しかし、生まれたときから現在のようなひきこもり人生になることが決まっていたとすると、「ああして」おけばよかったという別の選択肢が成り立たないから、後悔も存在しないはずである。

 

だから、私は後悔していないはずだ。

 

 

 

 

野球選手だったイチローは引退会見のときに、

「現役時代をふりかえって、何かもっとこうしておけばよかったという後悔がありますか」

と記者に訊かれて、

「後悔など、あろうはずがありません」

と語気強く即答した。

 

「あろうはずがない」

という言葉は、客観の響きがあり、主観によって「ない」と答えるのとはちがう。

 

つまりイチローは、

「自分はあとで後悔するのがいやだったから、現役時代のどの日どの瞬間においても、つねに『これ以上はできない』という全力を尽くしてきた。

未来の自分に後悔することを禁じながら、一試合一試合をプレイしてきた。

後悔は主観の産物だから、いまの自分は後悔を感じないようにしている」

と言っているのに等しいのではないか。

 

つまり、引退時のイチローは、「いまの自分」よりも、未来の自分に後悔するのを禁止した「過去の自分」に忠実であろうとしているのだ。

 

これはイチローのように、特殊な才能に恵まれた人だけにあてはまることなのだろうか。

私は必ずしもそうは思わない。

 

ひきこもりというのは、たくさんの葛藤をかかえ、いろいろと逡巡し、一見すると将来に後悔しか残らないような、日々を浪費した人生を送っている、と一般人たちには考えられているきらいがある。

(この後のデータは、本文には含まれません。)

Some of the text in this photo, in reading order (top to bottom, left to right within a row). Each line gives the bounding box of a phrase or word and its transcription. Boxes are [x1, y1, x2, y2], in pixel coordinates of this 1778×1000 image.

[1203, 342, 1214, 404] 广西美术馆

そう思えば、ひきこもり当事者にとっても、自分の人生はそう見える。

しかし、どんなひきこもり当事者であっても、その日その時で、その人なりに必死な選択をおこなって、毎日を過ごしているのではないだろうか。

かりに、その選択が毎日、

「今日はひきこもりから脱しない」

という同じ結論であったとしても、それはその日その時、「これ以上はできない」という必死の選択をしている結果なのである。

それが、外から見れば一向に変化しない「ひきこもり」と呼ばれる状態であるのにすぎない。

私も、そのように生きてきて、現在に至っている。

 

 

 

 

質問してきたフランスの女性記者には、イチローの言葉を借りて、

「後悔など、あろうはずがありません」

と言ってやろうかと思ったが、すると私がまるで初めからひきこもりになりたくて、人生を歩んできたかのように聞こえてしまう。

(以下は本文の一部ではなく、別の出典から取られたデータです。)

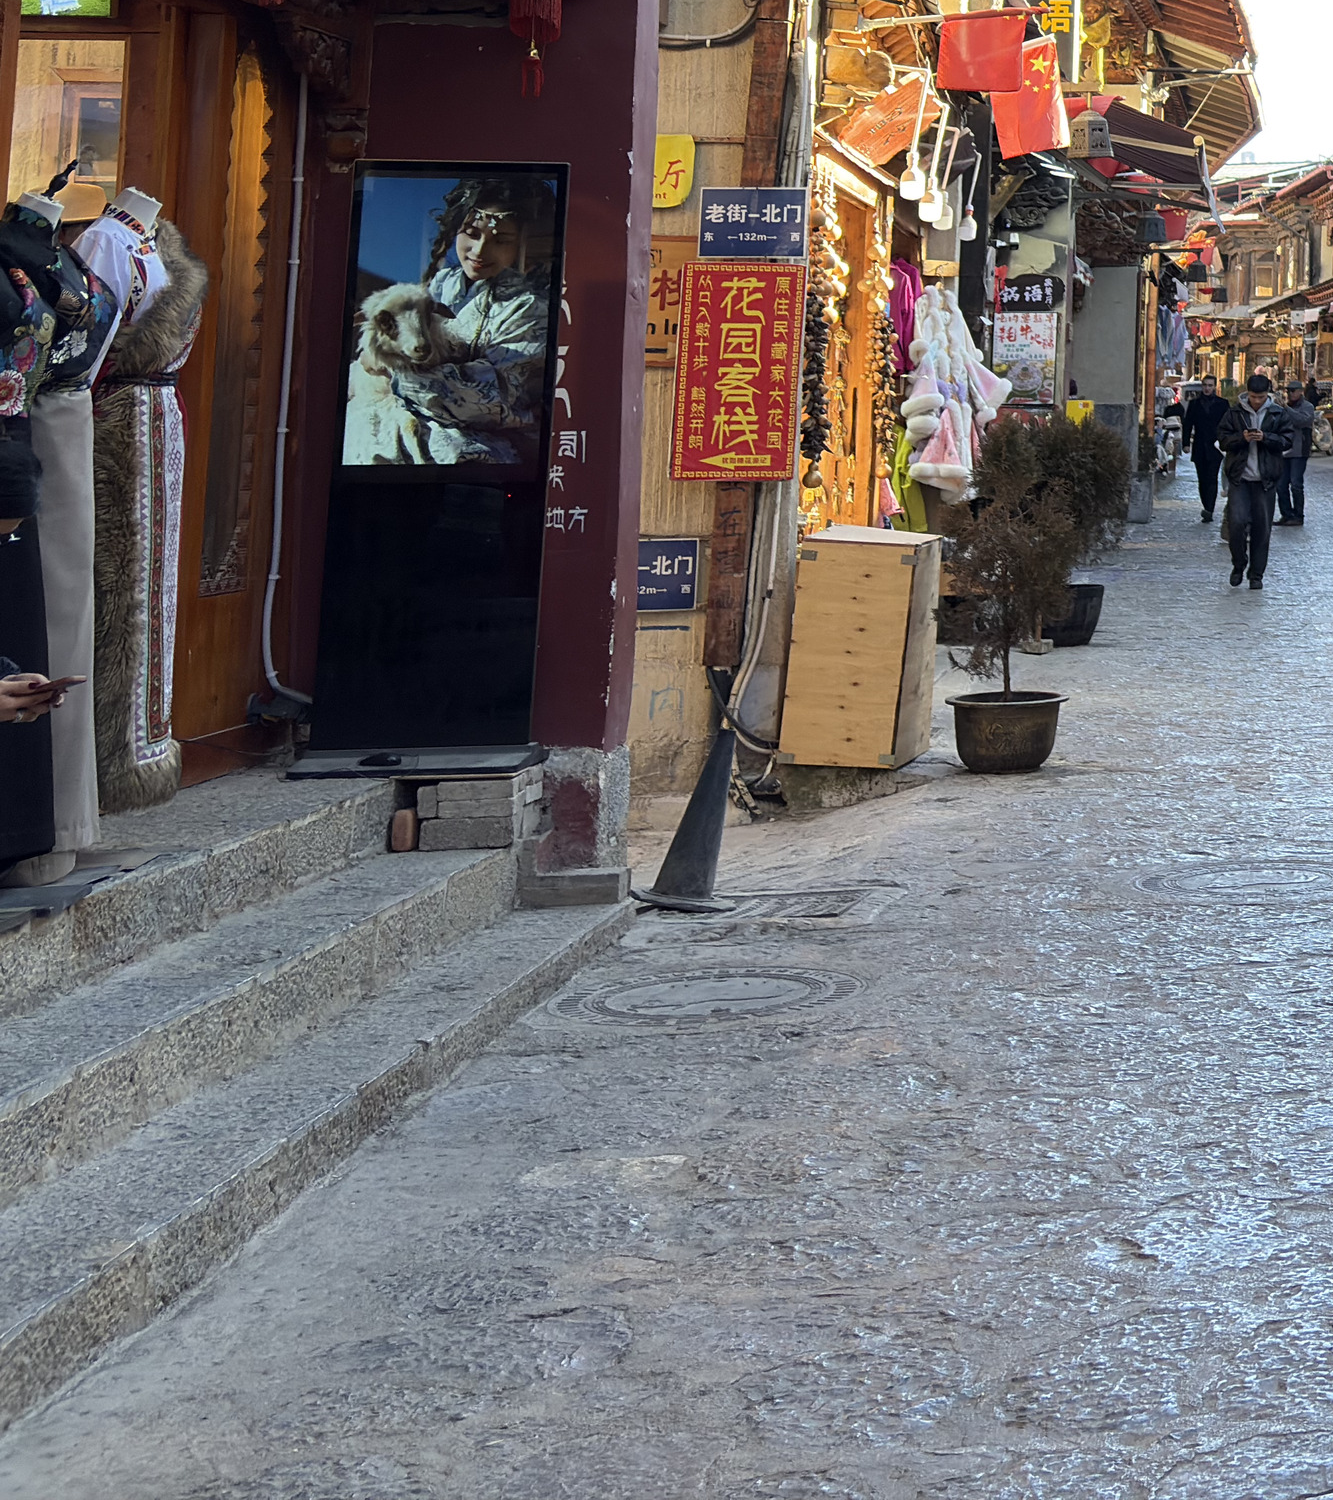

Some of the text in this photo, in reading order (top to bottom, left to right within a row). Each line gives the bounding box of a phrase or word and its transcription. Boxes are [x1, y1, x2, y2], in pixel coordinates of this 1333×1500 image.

[704, 232, 714, 242] 东
[711, 276, 766, 455] 花园客栈
[766, 276, 792, 451] 原住民藏家大花园
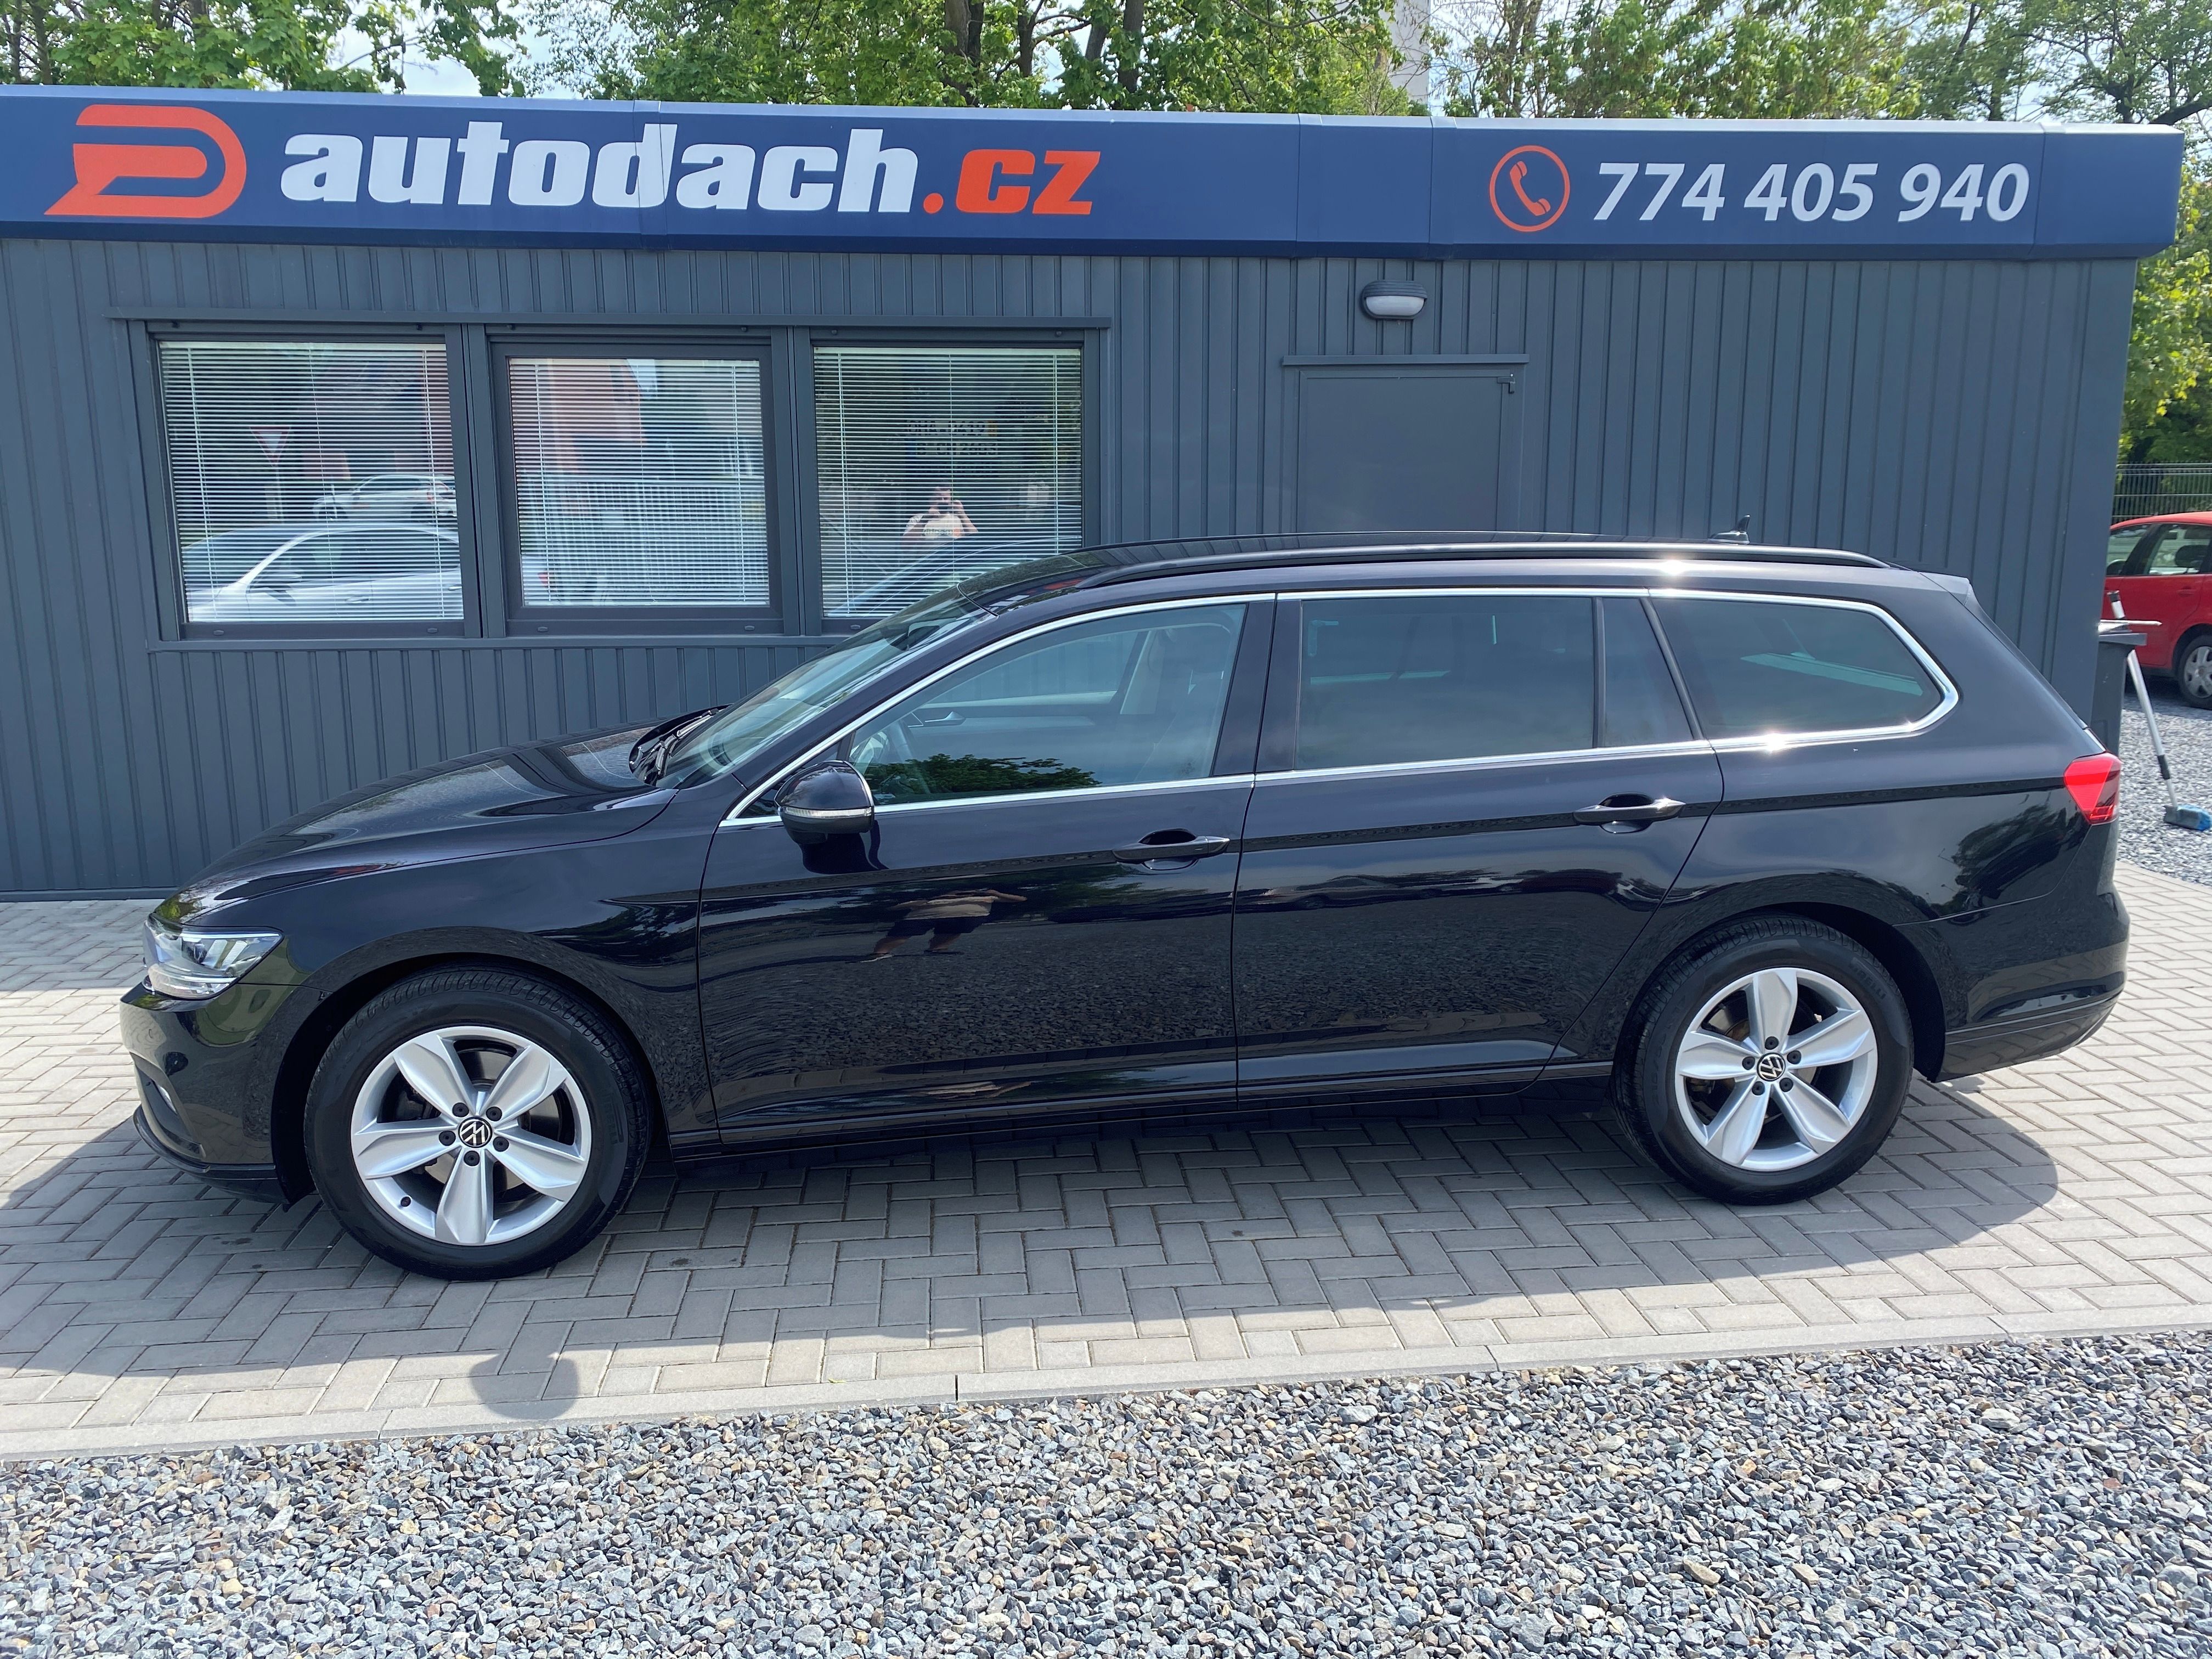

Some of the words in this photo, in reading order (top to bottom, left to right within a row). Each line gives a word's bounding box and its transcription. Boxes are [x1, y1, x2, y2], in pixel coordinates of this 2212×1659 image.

[280, 121, 1101, 215] autodach.cz
[1593, 162, 1726, 221] 774
[1743, 163, 1878, 222] 405
[1898, 163, 2029, 222] 940

表層心理としては、ひきこもりはなりたくてなるものではない。

ここで「自分の意志でひきこもりになった」と考えられてしまうと、不本意である。

だから、

「いいえ、私は後悔していません」

と答えるのはまずい。

 

けっきょく、過去にロシア美人のテレビ・レポーターに答えたときと同じような答え方となってしまった。

「後悔しているともいえるし、後悔していないともいえる。

後悔とは、人生のどの層まで下りて過去を振り返るかによって、有無が変わってくるものだと思います」

女性記者は怪訝な顔をして、Zoom画面の向こう側で黙ってしまった。

またしても理解された手ごたえがない。